▸ **YOUR ASSIGNMENT**
Reproduce the listing below word for word, with no pictures.

▸ **DATASET**
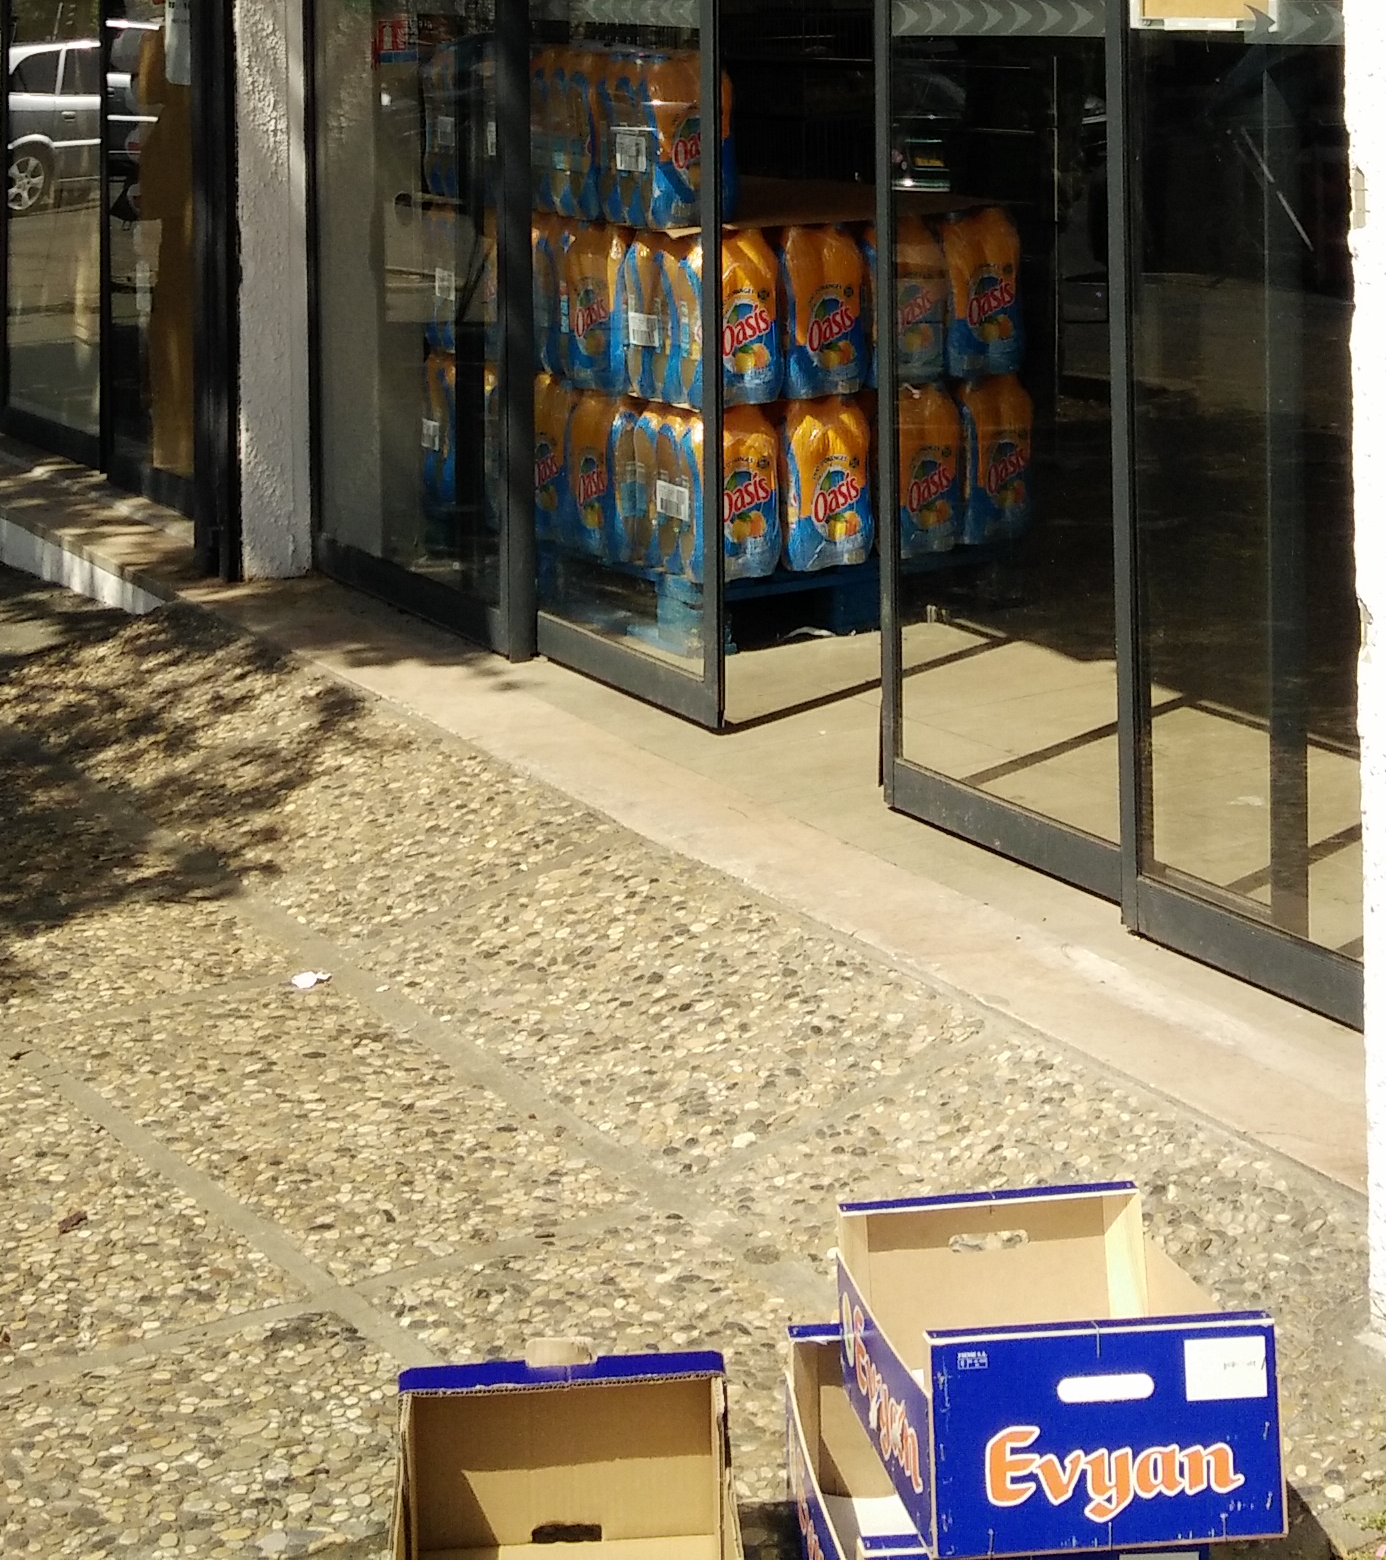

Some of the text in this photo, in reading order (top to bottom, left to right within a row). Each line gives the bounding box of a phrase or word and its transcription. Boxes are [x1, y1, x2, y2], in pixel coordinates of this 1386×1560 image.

[807, 302, 855, 351] Oasis
[968, 278, 1015, 328] Oasis
[722, 305, 770, 357] Oasis
[723, 472, 770, 523] Oasis
[813, 471, 860, 523] Oasis
[908, 462, 952, 513] Oasis
[985, 1426, 1245, 1523] Evyan

▸ **EXERCISE SOLUTION**
Some of the text in this photo, in reading order (top to bottom, left to right within a row). Each line gives the bounding box of a phrase or word and its transcription. Boxes are [x1, y1, x2, y2], in pixel coordinates of this 1386×1560 image.

[807, 302, 855, 351] Oasis
[968, 278, 1015, 328] Oasis
[722, 305, 770, 357] Oasis
[723, 472, 770, 523] Oasis
[813, 471, 860, 523] Oasis
[908, 462, 952, 513] Oasis
[985, 1426, 1245, 1523] Evyan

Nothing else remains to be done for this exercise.